→ **ASSIGNMENT**
Carry over every entry exactly as it appears in the records.

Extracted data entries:
=== Section Start ===

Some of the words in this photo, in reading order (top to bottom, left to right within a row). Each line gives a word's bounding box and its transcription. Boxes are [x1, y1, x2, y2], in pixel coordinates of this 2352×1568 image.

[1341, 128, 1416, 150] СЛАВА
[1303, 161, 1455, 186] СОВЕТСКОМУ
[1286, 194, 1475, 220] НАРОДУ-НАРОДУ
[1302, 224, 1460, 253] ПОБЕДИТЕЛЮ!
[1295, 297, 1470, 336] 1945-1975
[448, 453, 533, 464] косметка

=== Section End ===

→ **ANSWER BOX**
Some of the words in this photo, in reading order (top to bottom, left to right within a row). Each line gives a word's bounding box and its transcription. Boxes are [x1, y1, x2, y2], in pixel coordinates of this 2352×1568 image.

[1341, 128, 1416, 150] СЛАВА
[1303, 161, 1455, 186] СОВЕТСКОМУ
[1286, 194, 1475, 220] НАРОДУ-НАРОДУ
[1302, 224, 1460, 253] ПОБЕДИТЕЛЮ!
[1295, 297, 1470, 336] 1945-1975
[448, 453, 533, 464] косметка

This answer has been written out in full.